Sylvain : J’ai commencé à écrire très tôt dans mon enfance. A 11-12 ans, j’écrivais déjà mes chansons. A 16 ans, je découvrais Les ogres de Barback, La rue Kétanou, Babylon Circus. La claque! Alors que je suis encore au lycée, je crée Boulevard des airs. Au tout début, j’écris mes premières chansons dans une sorte de nécessité d’exprimer ce que j’ai à l’intérieur. Puis, pendant huit ans, on va ensemble répéter chaque semaine sans but précis, si ce n’est que de jouer dans les bars qui veulent bien nous accueillir ! Un jour, un attaché de presse va venir nous voir à Tarbes et nous dire qu’une de nos chansons peut faire un tube. Alors, on le suit, on commence la radio, la télé… A partir de ce moment-là, les bookers, les producteurs de spectacle, les maisons de disque, les labels vont s’intéresser à nous. Boulevard des airs devient professionnel. On sort notre premier album et pendant une décennie, on en sortira un nouveau tous les deux ans et on tournera sans s’arrêter… Notre quatrième album sera récompensé aux Victoires de la musique. Alors oui, quand tu rencontres le succès, tu rentres dans une spirale ascendante qu’il faut maintenir, comme dans toute entreprise. Peut-être qu’à ce moment-là, on peut perdre un peu l’essence de ce pourquoi on fait cela.

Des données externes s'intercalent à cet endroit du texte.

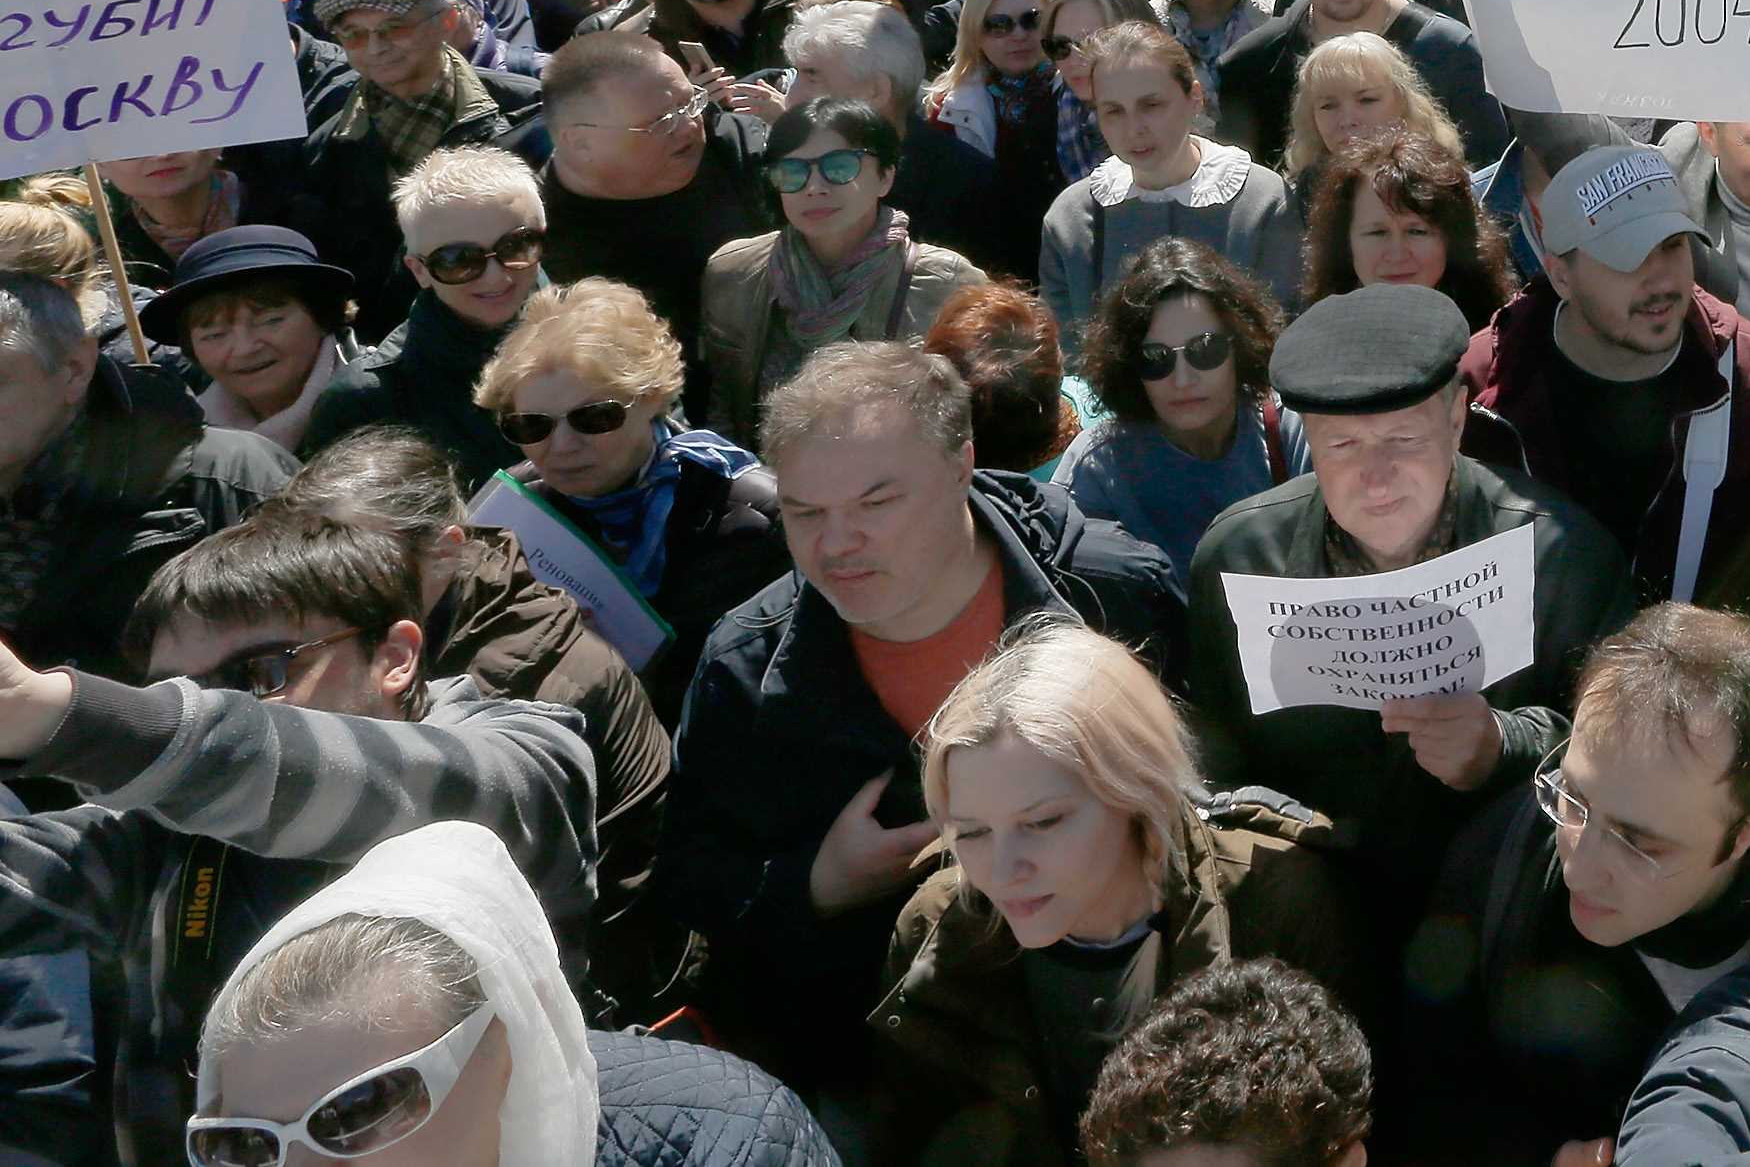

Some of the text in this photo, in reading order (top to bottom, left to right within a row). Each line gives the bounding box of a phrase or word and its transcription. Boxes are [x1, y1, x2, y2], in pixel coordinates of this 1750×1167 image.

[3, 54, 265, 141] ОСКВУ
[1576, 174, 1610, 213] SAN
[1267, 560, 1499, 620] ПРАВО ЧАСТНОЙ
[1267, 584, 1505, 643] СОБСТВЕННОСТИ
[1307, 644, 1482, 686] ОХРАНЯТЬСЯ
[1331, 635, 1454, 666] ДОЛЖНО
[184, 865, 214, 939] Nikon

Ce nouvel album en solo c’est, pour moi, un retour à l’écriture de nécessité, d’urgence. Celle des débuts. Il est né après une période très sombre, après un accident de voiture le soir de la dernière date de tournée avec Boulevard des airs, il y a 3 ans, alors que nous avions décidé de faire une pause. J’avais vraiment besoin de le faire. Avec lui, je réapprends à faire des chansons comme avant le succès. Je ne réfléchis pas à comment il sera reçu, ni à combien d’exemplaires il sera vendu. Je retrouve juste, tous les matins, mon ami Vincha en studio, on aborde plein de sujets, on compose des chansons et ça devient vite très intime, un peu comme une thérapie.
Iker : A tes débuts, as-tu choisi la chanson et l’écriture comme moyen d’exprimer ce que tu avais du mal à extérioriser?
Sylvain : Effectivement, la musique s’est imposée à moi probablement parce que c’était la seule manière que j’avais pour extérioriser. Très tôt, j’écrivais déjà… des poèmes, un journal intime, des lettres et après, grâce à l’apprentissage de la musique, j’ai pu allier les deux et mes mots sont devenus des chansons.
Iker : Quand tu écris des chansons, as-tu l’impression de transmettre un message si universel qu’il touche tout le monde?
Sylvain : Avec Boulevard des airs, quand je savais que des milliers de personnes allaient écouter un nouveau titre, j’étais obligé de penser à l’impact que tel mot ou refrain pouvait avoir. Quand j’ai commencé à écrire pour moi, je n’ai pas du tout pensé à l’impact que mes créations pouvait avoir sur les gens, à part peut-être mes proches quand je m’adressais à eux en chanson. Les chansons Prologue et Plissement de l’oeil, j’aurais pu les écrire dans mon journal intime et les garder pour moi. Lorsque je dis « Julie (ma compagne) me connaît mieux que je ne me connaîs moi-même », c’est très personnel. Mais ce qui est drôle, c’est qu’en effet, ce sont ces phrases-là, les plus intimes, que je reçois le plus en retour aujourd’hui.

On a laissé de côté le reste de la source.